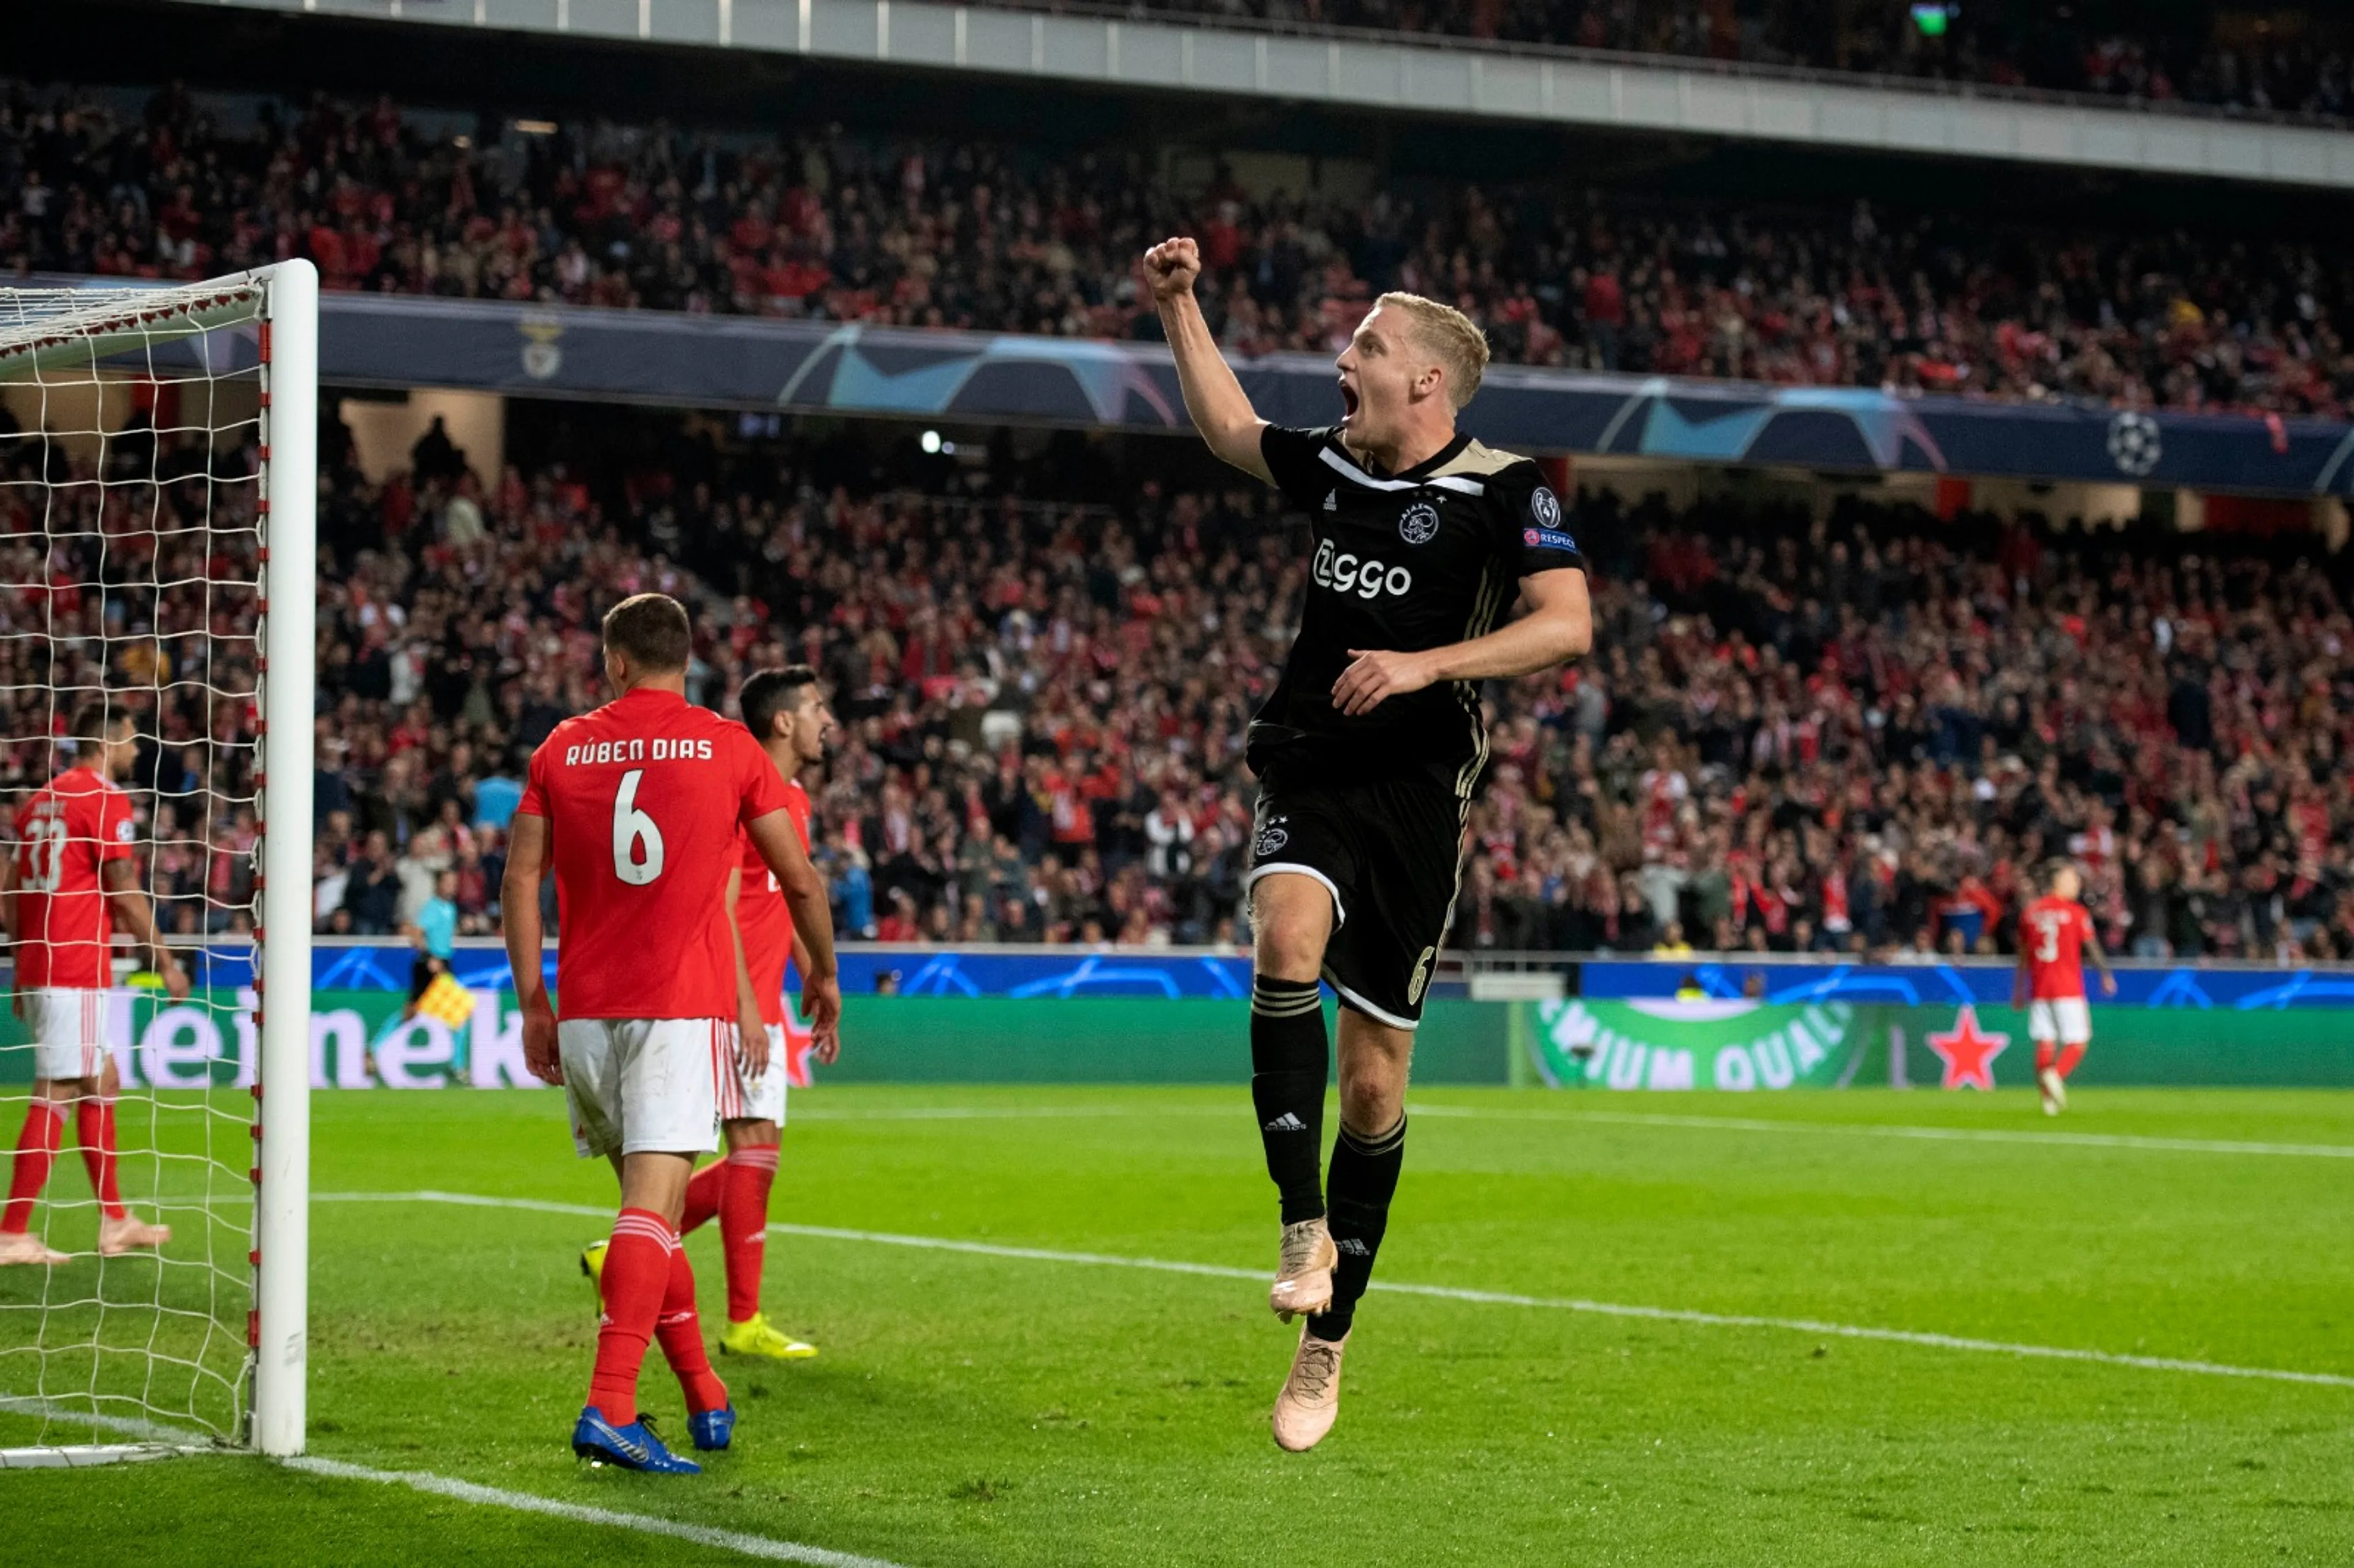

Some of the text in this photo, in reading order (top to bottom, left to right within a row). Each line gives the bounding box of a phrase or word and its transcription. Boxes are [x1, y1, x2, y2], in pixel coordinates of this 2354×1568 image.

[1312, 537, 1412, 599] Zggo
[565, 737, 713, 766] RÚBEN DIAS
[612, 769, 665, 886] 6
[2035, 922, 2060, 963] 3
[1407, 945, 1436, 1006] 6
[109, 986, 547, 1089] einek
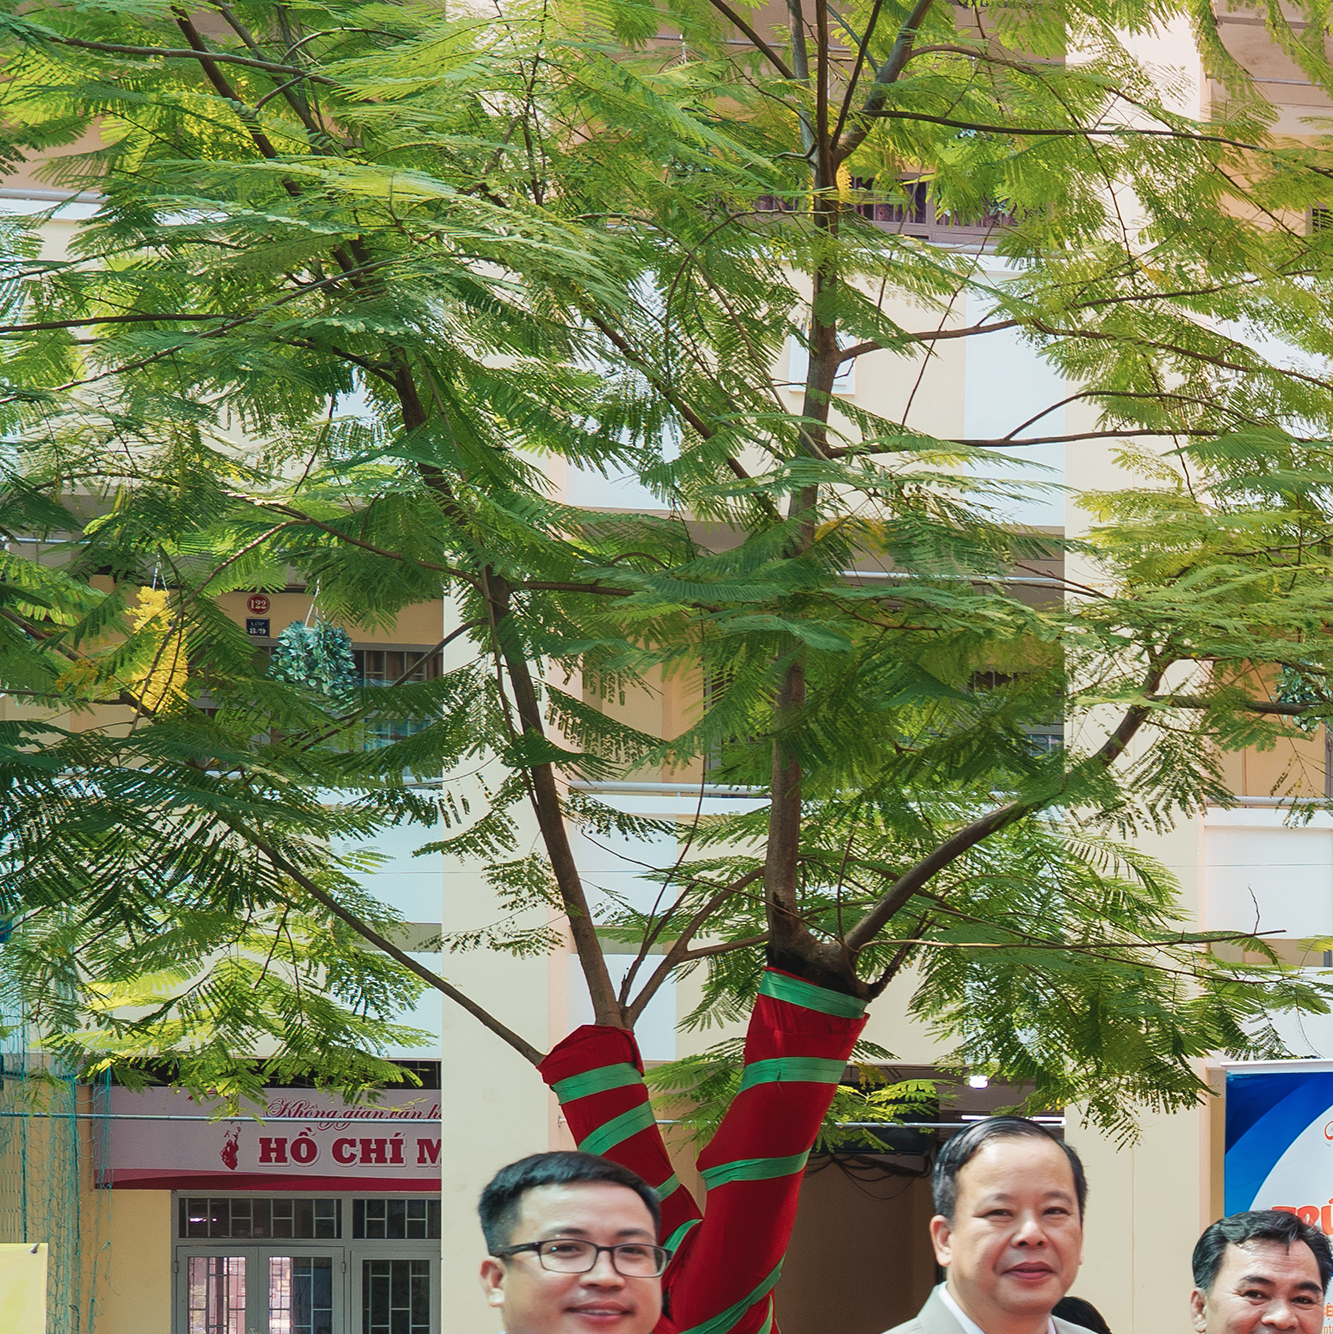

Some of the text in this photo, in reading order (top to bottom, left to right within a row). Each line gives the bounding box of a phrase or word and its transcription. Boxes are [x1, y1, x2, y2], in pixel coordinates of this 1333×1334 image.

[250, 600, 267, 609] 122
[249, 627, 266, 635] 8/9
[259, 1127, 319, 1165] HỒ
[331, 1132, 405, 1165] CHÍ
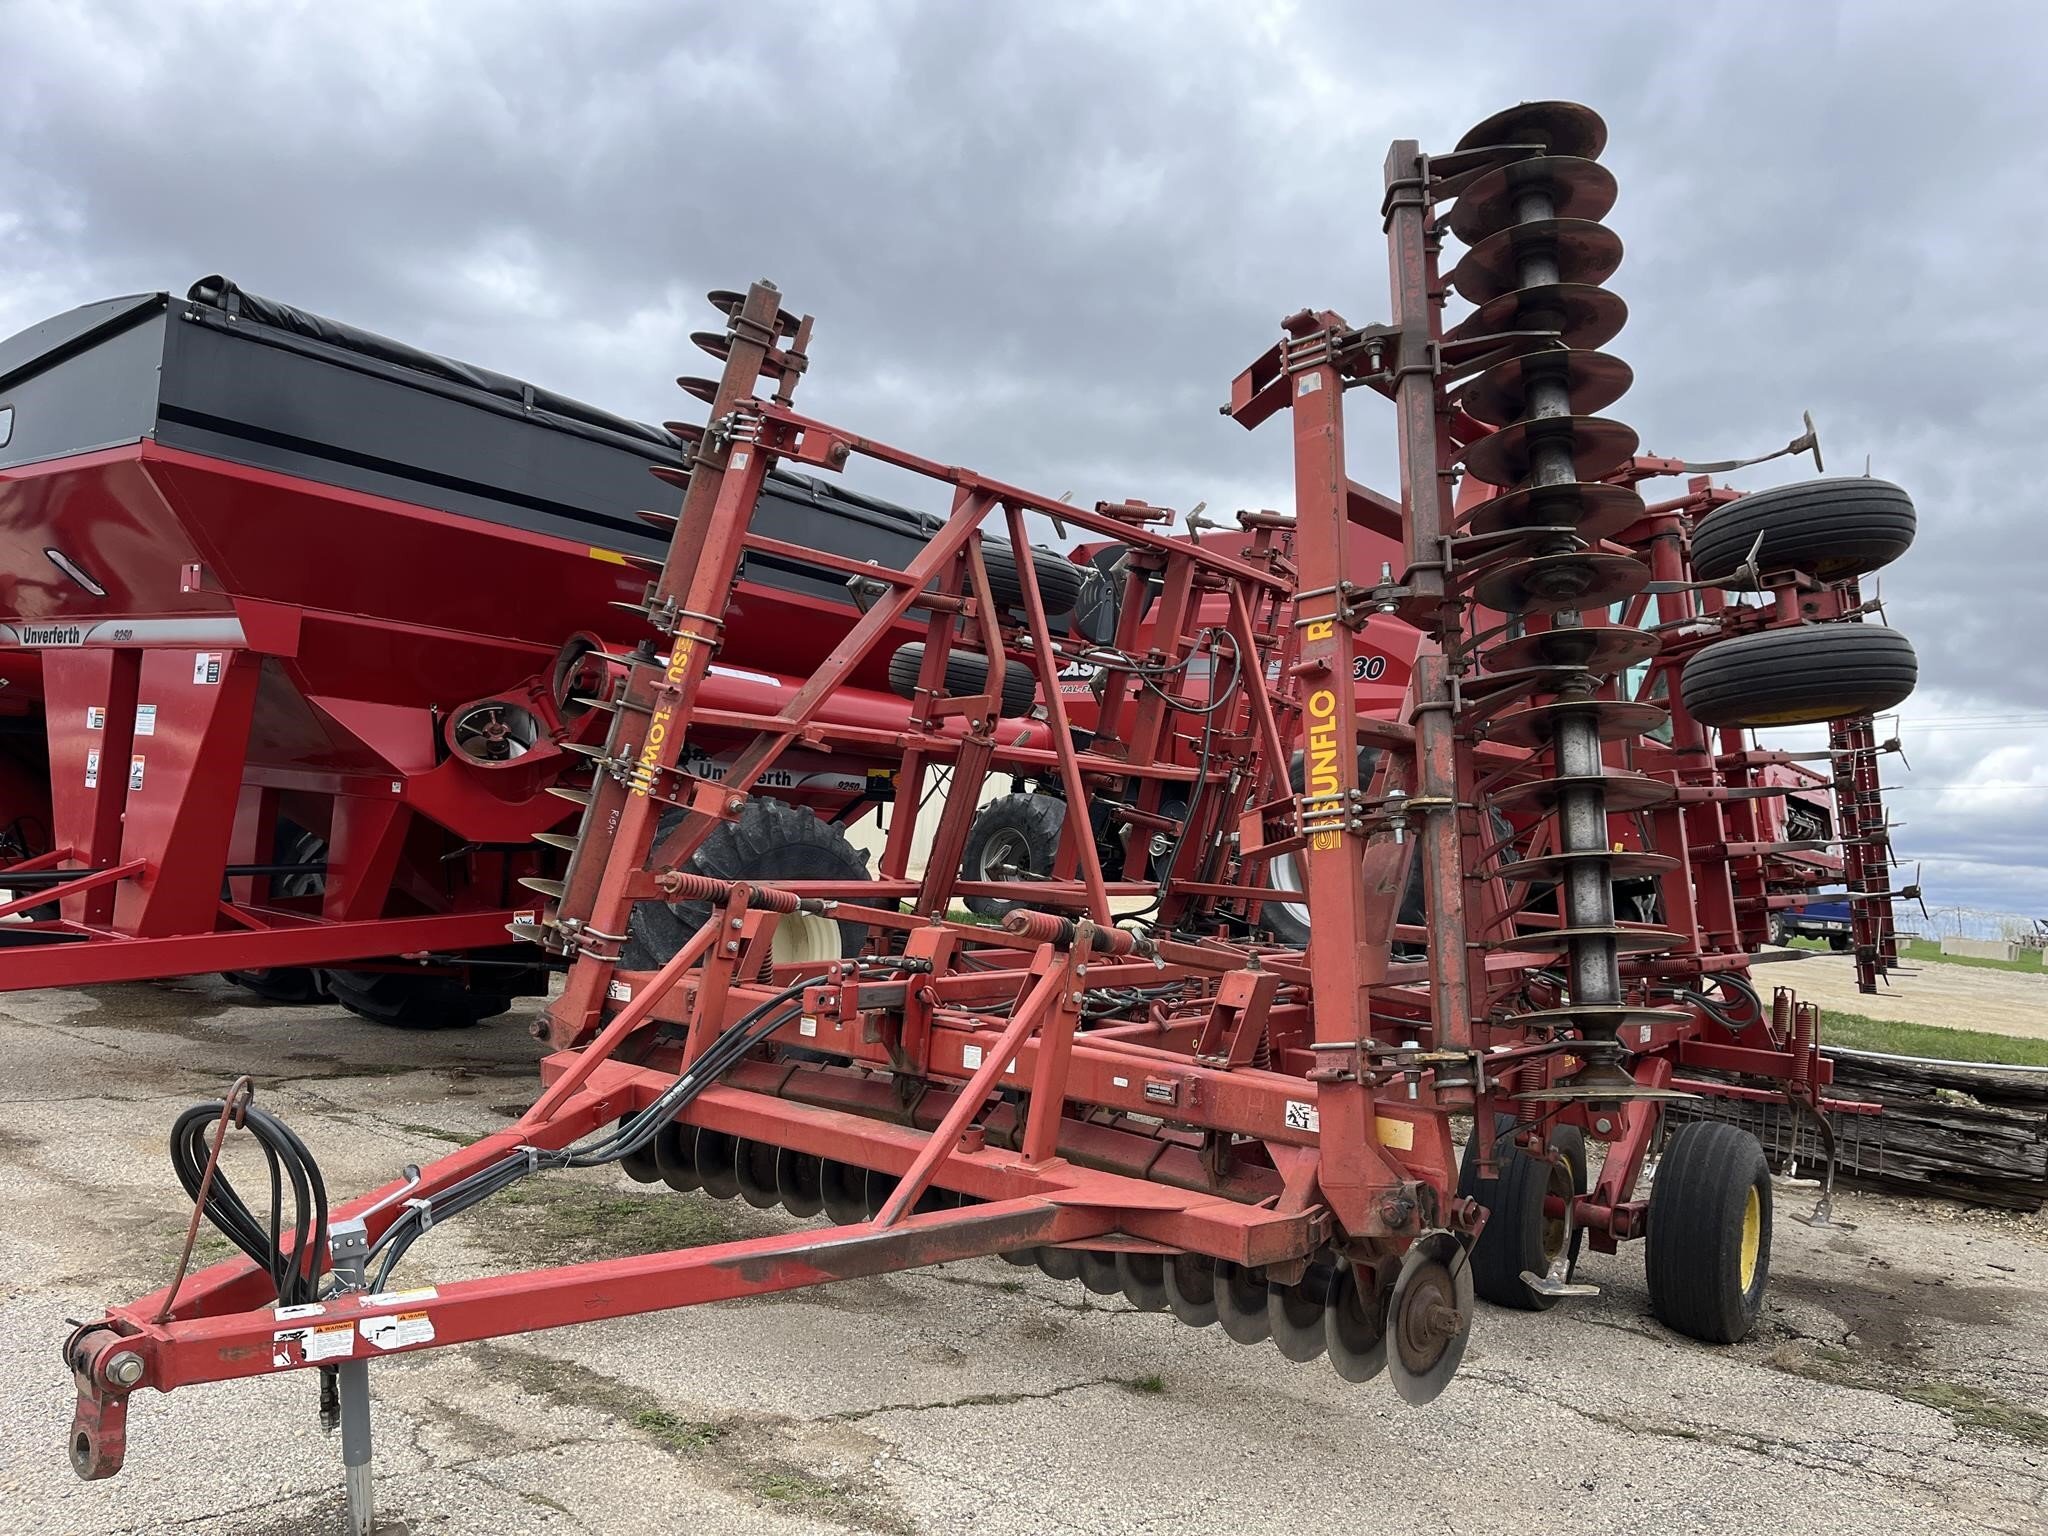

● WORK ITEM
Copy all of the entries verbatim, leaving out any pictures they contain.

● EXERCISE OUTPUT
Some of the text in this photo, in reading order (top to bottom, left to right within a row). Each line gives the bounding box of a phrase or word and its transcription. Boxes are [x1, y1, x2, y2], in pixel coordinates of this 2354×1568 image.

[1312, 537, 1412, 599] Zggo
[565, 737, 713, 766] RÚBEN DIAS
[612, 769, 665, 886] 6
[2035, 922, 2060, 963] 3
[1407, 945, 1436, 1006] 6
[109, 986, 547, 1089] einek

Some of the text in this photo, in reading order (top to bottom, left to right within a row). Each line gives the bounding box of a phrase or word and its transcription. Boxes are [x1, y1, x2, y2], in pixel coordinates of this 1333×1334 image.

[250, 600, 267, 609] 122
[249, 627, 266, 635] 8/9
[259, 1127, 319, 1165] HỒ
[331, 1132, 405, 1165] CHÍ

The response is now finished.